[Phrase grounding data]
%%

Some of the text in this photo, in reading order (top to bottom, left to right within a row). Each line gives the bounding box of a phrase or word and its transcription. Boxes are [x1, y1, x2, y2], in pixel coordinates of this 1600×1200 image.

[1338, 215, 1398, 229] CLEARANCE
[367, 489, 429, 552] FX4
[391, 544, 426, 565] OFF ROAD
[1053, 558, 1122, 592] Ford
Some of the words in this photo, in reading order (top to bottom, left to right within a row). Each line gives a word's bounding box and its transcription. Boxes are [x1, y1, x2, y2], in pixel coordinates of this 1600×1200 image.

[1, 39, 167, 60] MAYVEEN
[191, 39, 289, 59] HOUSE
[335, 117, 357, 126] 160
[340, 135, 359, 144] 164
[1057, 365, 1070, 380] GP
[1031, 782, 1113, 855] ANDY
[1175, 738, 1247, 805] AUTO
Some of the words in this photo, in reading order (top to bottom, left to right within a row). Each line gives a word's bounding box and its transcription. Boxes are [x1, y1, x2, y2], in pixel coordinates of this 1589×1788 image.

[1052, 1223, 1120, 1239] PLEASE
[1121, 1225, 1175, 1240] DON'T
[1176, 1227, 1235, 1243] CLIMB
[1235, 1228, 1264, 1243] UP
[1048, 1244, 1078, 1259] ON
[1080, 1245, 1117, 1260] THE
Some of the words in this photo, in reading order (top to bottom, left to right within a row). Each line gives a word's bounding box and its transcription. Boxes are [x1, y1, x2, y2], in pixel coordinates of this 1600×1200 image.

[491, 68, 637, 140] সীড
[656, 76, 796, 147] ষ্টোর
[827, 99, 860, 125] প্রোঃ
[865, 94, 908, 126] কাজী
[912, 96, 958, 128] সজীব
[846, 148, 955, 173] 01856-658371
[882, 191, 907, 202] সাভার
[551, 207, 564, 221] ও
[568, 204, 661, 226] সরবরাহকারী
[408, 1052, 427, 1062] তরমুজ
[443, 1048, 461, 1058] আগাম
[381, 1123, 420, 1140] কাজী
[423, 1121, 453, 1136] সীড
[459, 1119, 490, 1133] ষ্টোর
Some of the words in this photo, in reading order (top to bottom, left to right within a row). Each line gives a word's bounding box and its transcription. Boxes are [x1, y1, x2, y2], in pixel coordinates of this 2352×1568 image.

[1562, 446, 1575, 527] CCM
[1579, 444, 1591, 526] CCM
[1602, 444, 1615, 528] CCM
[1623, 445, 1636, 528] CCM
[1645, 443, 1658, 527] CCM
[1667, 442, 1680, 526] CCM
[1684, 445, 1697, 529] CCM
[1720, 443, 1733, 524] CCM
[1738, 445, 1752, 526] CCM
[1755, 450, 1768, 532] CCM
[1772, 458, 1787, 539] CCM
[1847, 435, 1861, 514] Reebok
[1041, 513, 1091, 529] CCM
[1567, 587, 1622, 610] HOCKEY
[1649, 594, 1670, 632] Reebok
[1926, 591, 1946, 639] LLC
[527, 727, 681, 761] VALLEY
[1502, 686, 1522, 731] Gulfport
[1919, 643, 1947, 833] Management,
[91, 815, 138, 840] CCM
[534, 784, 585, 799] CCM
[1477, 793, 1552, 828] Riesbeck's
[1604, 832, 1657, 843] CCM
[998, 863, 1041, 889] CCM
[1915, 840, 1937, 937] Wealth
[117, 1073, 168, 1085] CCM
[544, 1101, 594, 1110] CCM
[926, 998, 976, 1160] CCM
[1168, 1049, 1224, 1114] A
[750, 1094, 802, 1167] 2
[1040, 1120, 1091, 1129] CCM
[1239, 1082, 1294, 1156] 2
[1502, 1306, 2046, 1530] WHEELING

%%

> _WHAT YOU HAVE TO DO_
Once you have read the records, output each one exactly as written.

> _EXERCISE ANSWER_
Some of the text in this photo, in reading order (top to bottom, left to right within a row). Each line gives the bounding box of a phrase or word and its transcription. Boxes are [x1, y1, x2, y2], in pixel coordinates of this 1600×1200 image.

[1338, 215, 1398, 229] CLEARANCE
[367, 489, 429, 552] FX4
[391, 544, 426, 565] OFF ROAD
[1053, 558, 1122, 592] Ford
Some of the words in this photo, in reading order (top to bottom, left to right within a row). Each line gives a word's bounding box and its transcription. Boxes are [x1, y1, x2, y2], in pixel coordinates of this 1600×1200 image.

[1, 39, 167, 60] MAYVEEN
[191, 39, 289, 59] HOUSE
[335, 117, 357, 126] 160
[340, 135, 359, 144] 164
[1057, 365, 1070, 380] GP
[1031, 782, 1113, 855] ANDY
[1175, 738, 1247, 805] AUTO
Some of the words in this photo, in reading order (top to bottom, left to right within a row). Each line gives a word's bounding box and its transcription. Boxes are [x1, y1, x2, y2], in pixel coordinates of this 1589×1788 image.

[1052, 1223, 1120, 1239] PLEASE
[1121, 1225, 1175, 1240] DON'T
[1176, 1227, 1235, 1243] CLIMB
[1235, 1228, 1264, 1243] UP
[1048, 1244, 1078, 1259] ON
[1080, 1245, 1117, 1260] THE
Some of the words in this photo, in reading order (top to bottom, left to right within a row). Each line gives a word's bounding box and its transcription. Boxes are [x1, y1, x2, y2], in pixel coordinates of this 1600×1200 image.

[491, 68, 637, 140] সীড
[656, 76, 796, 147] ষ্টোর
[827, 99, 860, 125] প্রোঃ
[865, 94, 908, 126] কাজী
[912, 96, 958, 128] সজীব
[846, 148, 955, 173] 01856-658371
[882, 191, 907, 202] সাভার
[551, 207, 564, 221] ও
[568, 204, 661, 226] সরবরাহকারী
[408, 1052, 427, 1062] তরমুজ
[443, 1048, 461, 1058] আগাম
[381, 1123, 420, 1140] কাজী
[423, 1121, 453, 1136] সীড
[459, 1119, 490, 1133] ষ্টোর
Some of the words in this photo, in reading order (top to bottom, left to right within a row). Each line gives a word's bounding box and its transcription. Boxes are [x1, y1, x2, y2], in pixel coordinates of this 2352×1568 image.

[1562, 446, 1575, 527] CCM
[1579, 444, 1591, 526] CCM
[1602, 444, 1615, 528] CCM
[1623, 445, 1636, 528] CCM
[1645, 443, 1658, 527] CCM
[1667, 442, 1680, 526] CCM
[1684, 445, 1697, 529] CCM
[1720, 443, 1733, 524] CCM
[1738, 445, 1752, 526] CCM
[1755, 450, 1768, 532] CCM
[1772, 458, 1787, 539] CCM
[1847, 435, 1861, 514] Reebok
[1041, 513, 1091, 529] CCM
[1567, 587, 1622, 610] HOCKEY
[1649, 594, 1670, 632] Reebok
[1926, 591, 1946, 639] LLC
[527, 727, 681, 761] VALLEY
[1502, 686, 1522, 731] Gulfport
[1919, 643, 1947, 833] Management,
[91, 815, 138, 840] CCM
[534, 784, 585, 799] CCM
[1477, 793, 1552, 828] Riesbeck's
[1604, 832, 1657, 843] CCM
[998, 863, 1041, 889] CCM
[1915, 840, 1937, 937] Wealth
[117, 1073, 168, 1085] CCM
[544, 1101, 594, 1110] CCM
[926, 998, 976, 1160] CCM
[1168, 1049, 1224, 1114] A
[750, 1094, 802, 1167] 2
[1040, 1120, 1091, 1129] CCM
[1239, 1082, 1294, 1156] 2
[1502, 1306, 2046, 1530] WHEELING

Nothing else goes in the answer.